### Exercise
Please repeat every entry exactly as written, but skip the pictures.

Stored items
################

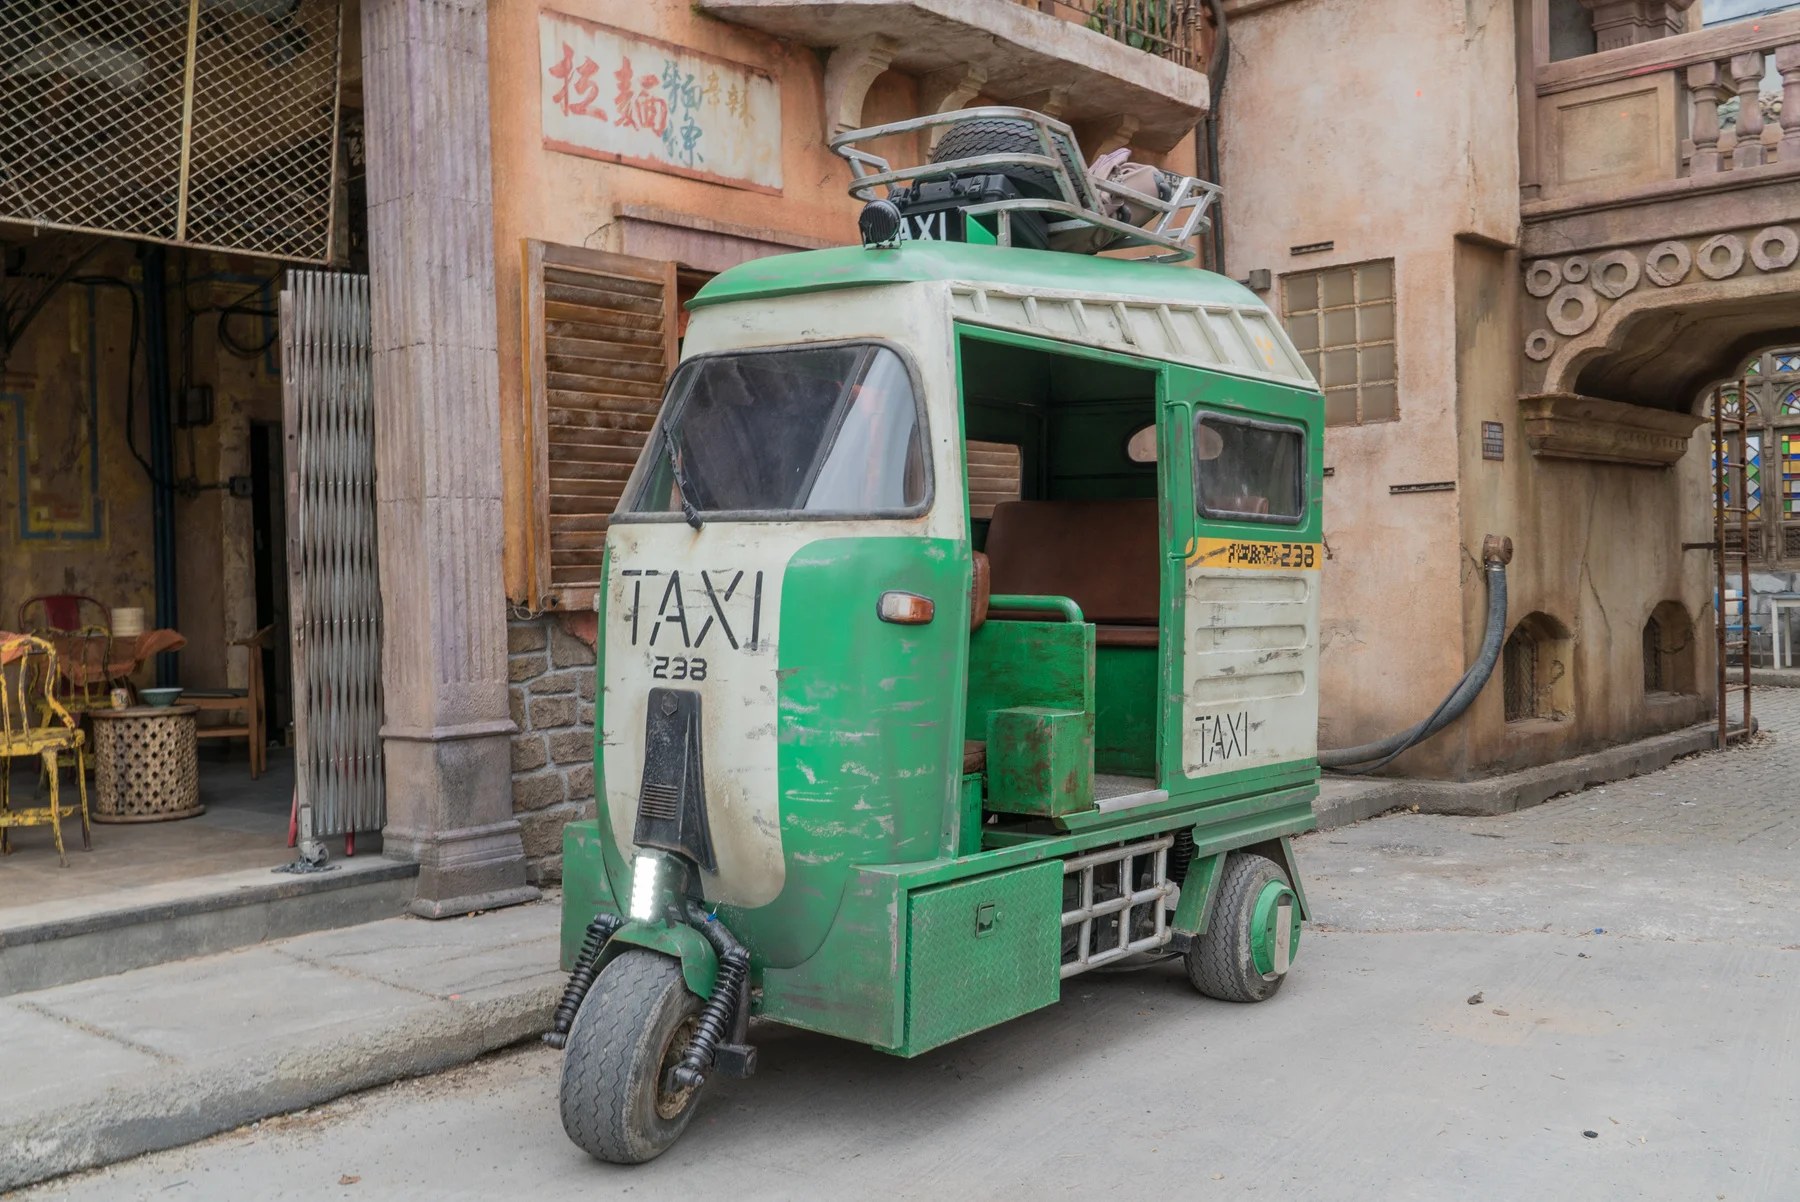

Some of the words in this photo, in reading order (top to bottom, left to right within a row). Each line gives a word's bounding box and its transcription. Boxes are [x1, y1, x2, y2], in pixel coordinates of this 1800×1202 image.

[548, 41, 668, 138] 拉麵
[895, 211, 947, 241] AXI
[1281, 543, 1314, 568] 238
[621, 569, 764, 652] TAXI
[652, 656, 708, 682] 238
[1194, 711, 1248, 764] TAXI
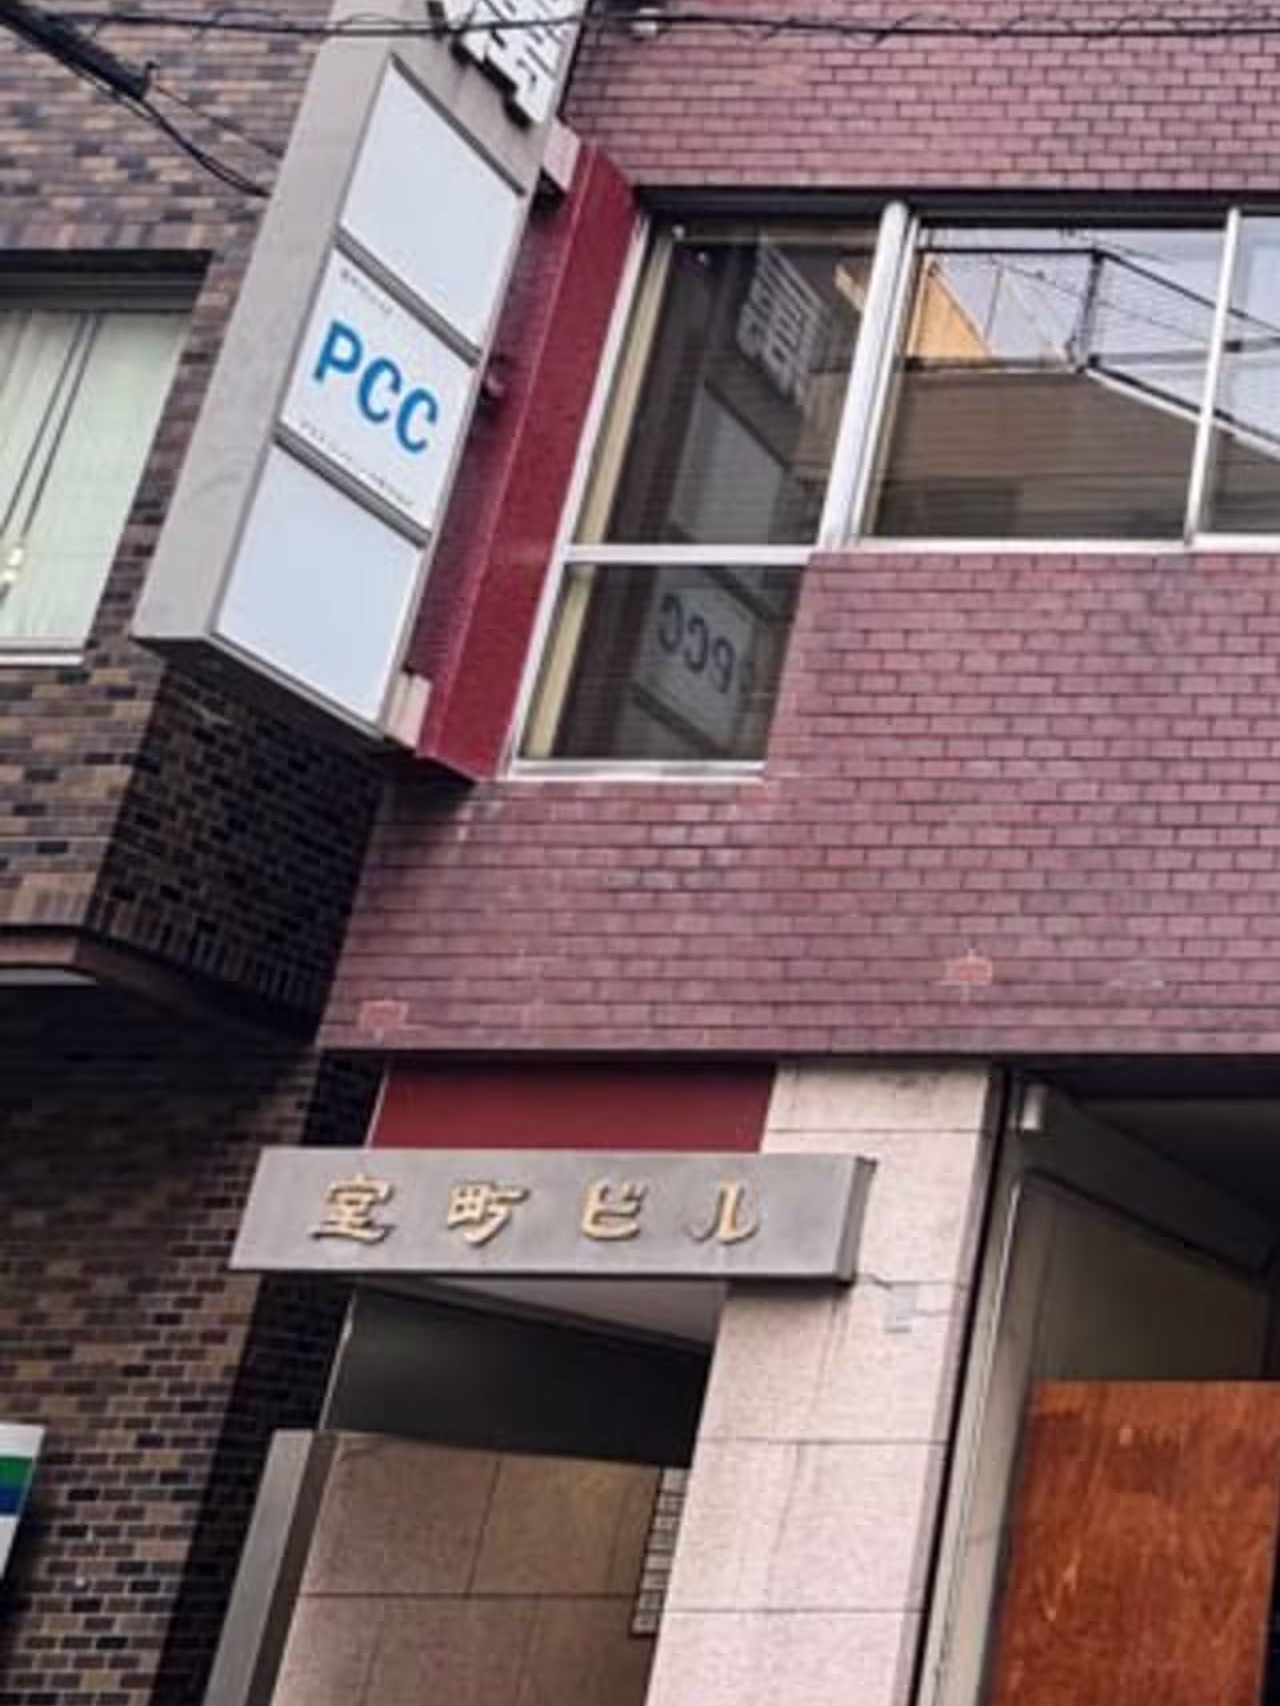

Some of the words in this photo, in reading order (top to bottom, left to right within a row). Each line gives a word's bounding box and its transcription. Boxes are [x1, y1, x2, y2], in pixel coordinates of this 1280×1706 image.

[314, 319, 439, 454] PCC
[309, 1174, 759, 1247] 室町ビル
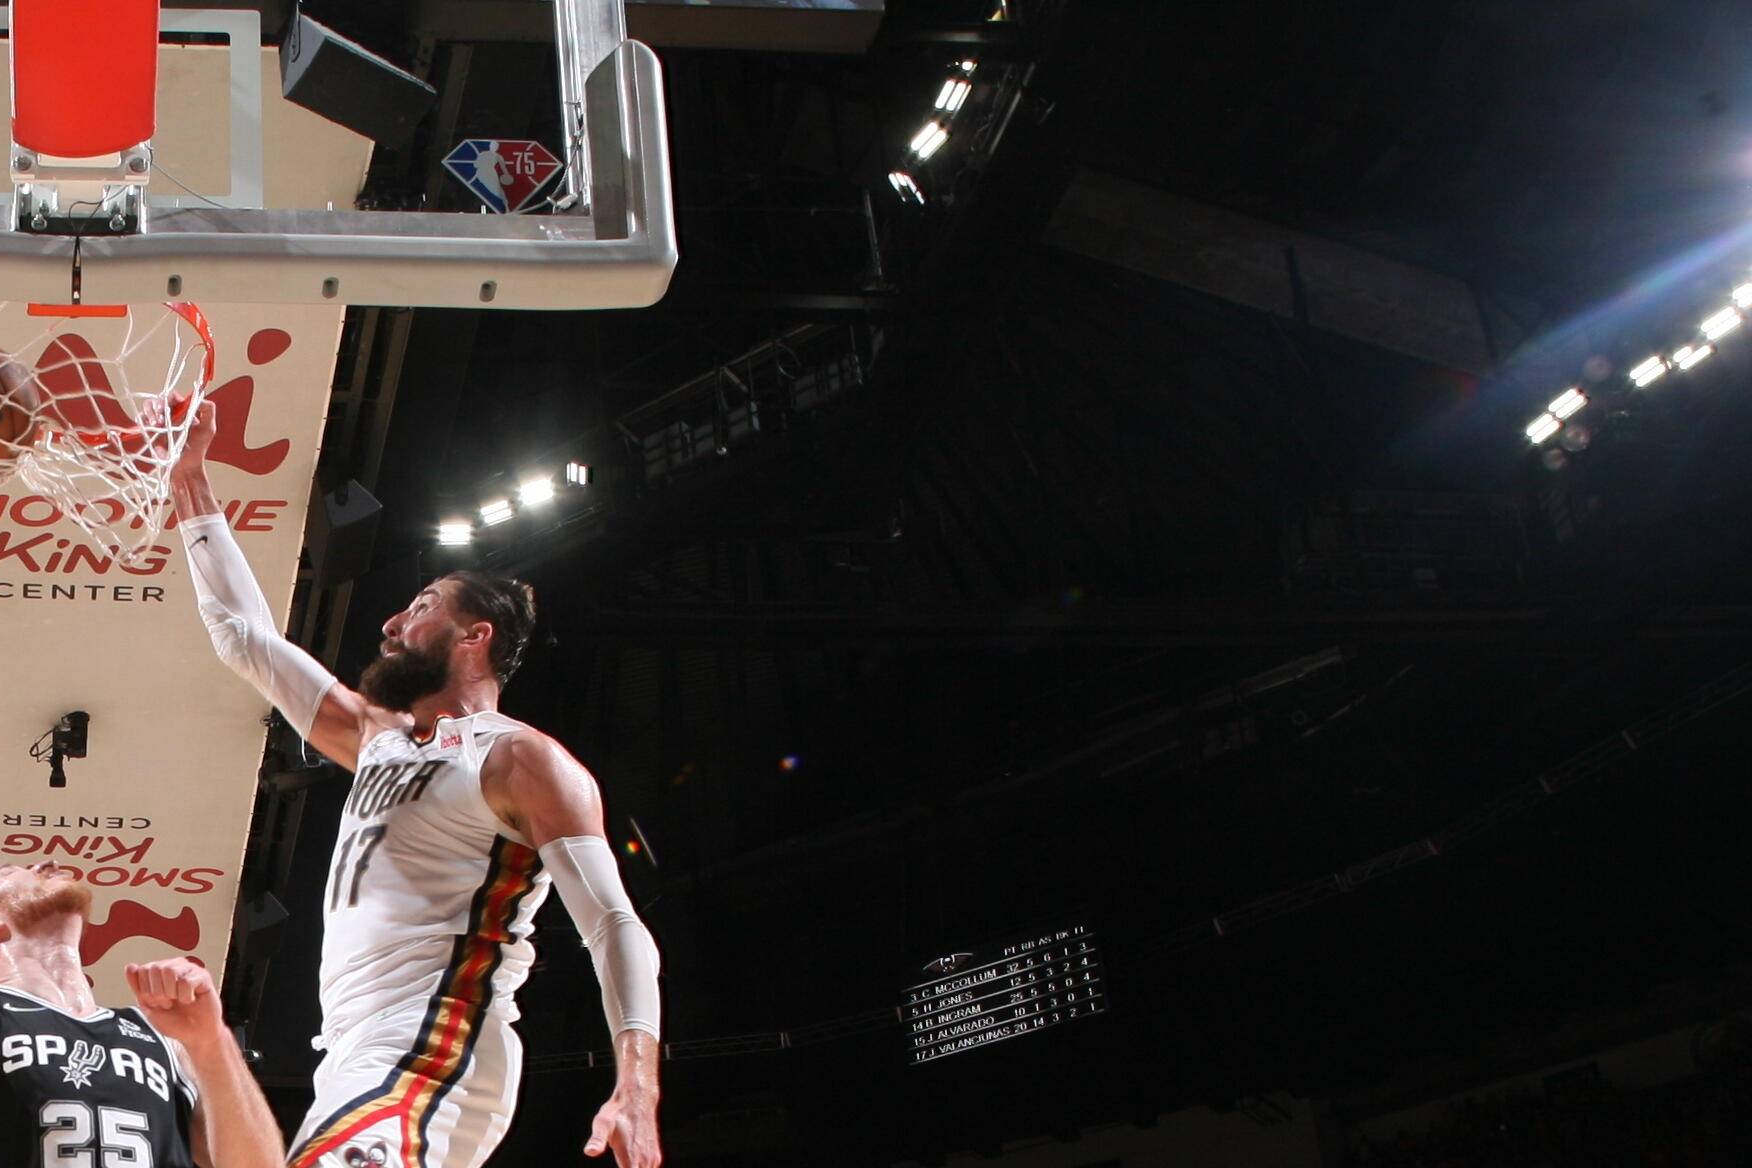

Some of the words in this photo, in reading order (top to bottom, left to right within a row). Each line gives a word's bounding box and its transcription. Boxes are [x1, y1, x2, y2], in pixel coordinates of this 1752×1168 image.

[512, 152, 535, 175] 75
[3, 814, 152, 829] CENTER
[330, 823, 388, 913] 17
[938, 1004, 981, 1024] INGRAM

################

### Task result
Some of the words in this photo, in reading order (top to bottom, left to right within a row). Each line gives a word's bounding box and its transcription. Boxes are [x1, y1, x2, y2], in pixel coordinates of this 1800×1202 image.

[548, 41, 668, 138] 拉麵
[895, 211, 947, 241] AXI
[1281, 543, 1314, 568] 238
[621, 569, 764, 652] TAXI
[652, 656, 708, 682] 238
[1194, 711, 1248, 764] TAXI

Some of the words in this photo, in reading order (top to bottom, left to right within a row). Each line gives a word's bounding box and its transcription. Boxes are [x1, y1, x2, y2], in pixel coordinates of this 1280×1706 image.

[314, 319, 439, 454] PCC
[309, 1174, 759, 1247] 室町ビル

Some of the words in this photo, in reading order (top to bottom, left to right within a row). Each line gives a word's bounding box and its transcription. Boxes are [x1, y1, x2, y2], in pixel coordinates of this 1752×1168 image.

[512, 152, 535, 175] 75
[3, 814, 152, 829] CENTER
[330, 823, 388, 913] 17
[938, 1004, 981, 1024] INGRAM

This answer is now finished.